Retype the data below verbatim; pictures do not belong in the copy.
START Extracted information
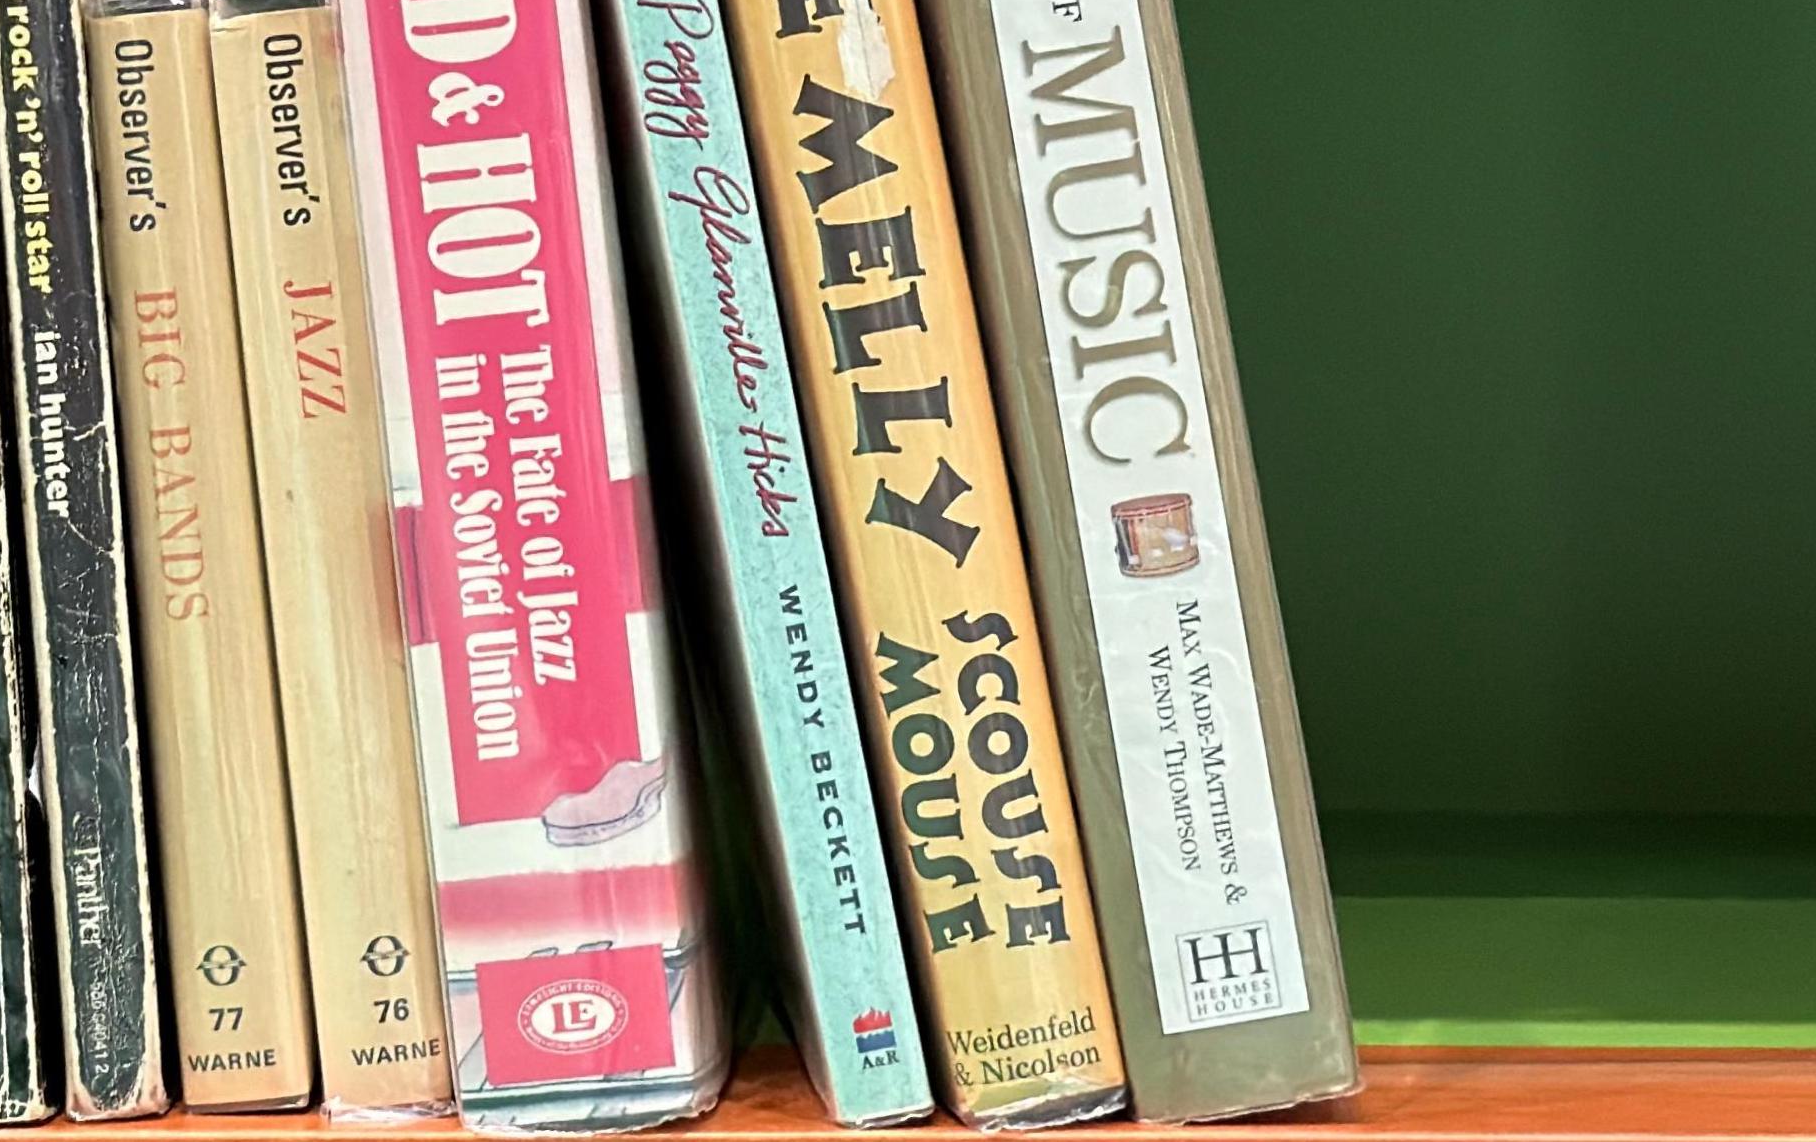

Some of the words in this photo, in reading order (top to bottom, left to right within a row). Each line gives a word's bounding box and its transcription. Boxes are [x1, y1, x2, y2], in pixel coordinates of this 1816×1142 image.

[8, 1, 40, 92] rock
[115, 39, 167, 233] Observer's
[263, 33, 320, 227] Observer's
[428, 71, 505, 128] &
[18, 148, 51, 215] roll
[24, 218, 54, 294] star
[417, 131, 551, 330] HOT
[1021, 24, 1192, 466] MUSIC
[34, 330, 62, 385] ian
[133, 286, 185, 390] BIG
[283, 279, 347, 419] JAZZ
[791, 73, 981, 569] MELLY
[435, 353, 487, 401] in
[500, 344, 554, 424] The
[37, 389, 70, 518] hunter
[441, 410, 495, 479] the
[509, 433, 567, 526] Fate
[738, 421, 797, 537] Hicks
[148, 425, 210, 623] BANDS
[450, 489, 514, 618] Soviet
[521, 537, 575, 580] of
[516, 591, 578, 685] Jazz
[1175, 599, 1202, 656] MAX
[466, 628, 522, 760] Union
[1148, 644, 1177, 734] WENDY
[778, 584, 825, 729] WENDY
[813, 751, 867, 935] BECKETT
[874, 631, 997, 954] MOUSE
[942, 610, 1071, 949] SCOUSE
[1187, 663, 1238, 877] WADE-MATTHEWS
[1162, 742, 1201, 872] THOMPSON
[1225, 883, 1248, 904] &
[209, 1007, 244, 1032] 77
[374, 999, 410, 1025] 76
[946, 1006, 1096, 1058] Weidenfeld
[1194, 978, 1272, 1002] HERMES
[1196, 992, 1274, 1016] HOUSE
[188, 1049, 277, 1072] WARNE
[352, 1037, 442, 1066] WARNE
[861, 1049, 900, 1071] A&R
[954, 1062, 974, 1088] &
[982, 1043, 1101, 1085] Nicolson
END Extracted information
Exercise answer —
Some of the words in this photo, in reading order (top to bottom, left to right within a row). Each line gives a word's bounding box and its transcription. Boxes are [x1, y1, x2, y2], in pixel coordinates of this 1816×1142 image.

[8, 1, 40, 92] rock
[115, 39, 167, 233] Observer's
[263, 33, 320, 227] Observer's
[428, 71, 505, 128] &
[18, 148, 51, 215] roll
[24, 218, 54, 294] star
[417, 131, 551, 330] HOT
[1021, 24, 1192, 466] MUSIC
[34, 330, 62, 385] ian
[133, 286, 185, 390] BIG
[283, 279, 347, 419] JAZZ
[791, 73, 981, 569] MELLY
[435, 353, 487, 401] in
[500, 344, 554, 424] The
[37, 389, 70, 518] hunter
[441, 410, 495, 479] the
[509, 433, 567, 526] Fate
[738, 421, 797, 537] Hicks
[148, 425, 210, 623] BANDS
[450, 489, 514, 618] Soviet
[521, 537, 575, 580] of
[516, 591, 578, 685] Jazz
[1175, 599, 1202, 656] MAX
[466, 628, 522, 760] Union
[1148, 644, 1177, 734] WENDY
[778, 584, 825, 729] WENDY
[813, 751, 867, 935] BECKETT
[874, 631, 997, 954] MOUSE
[942, 610, 1071, 949] SCOUSE
[1187, 663, 1238, 877] WADE-MATTHEWS
[1162, 742, 1201, 872] THOMPSON
[1225, 883, 1248, 904] &
[209, 1007, 244, 1032] 77
[374, 999, 410, 1025] 76
[946, 1006, 1096, 1058] Weidenfeld
[1194, 978, 1272, 1002] HERMES
[1196, 992, 1274, 1016] HOUSE
[188, 1049, 277, 1072] WARNE
[352, 1037, 442, 1066] WARNE
[861, 1049, 900, 1071] A&R
[954, 1062, 974, 1088] &
[982, 1043, 1101, 1085] Nicolson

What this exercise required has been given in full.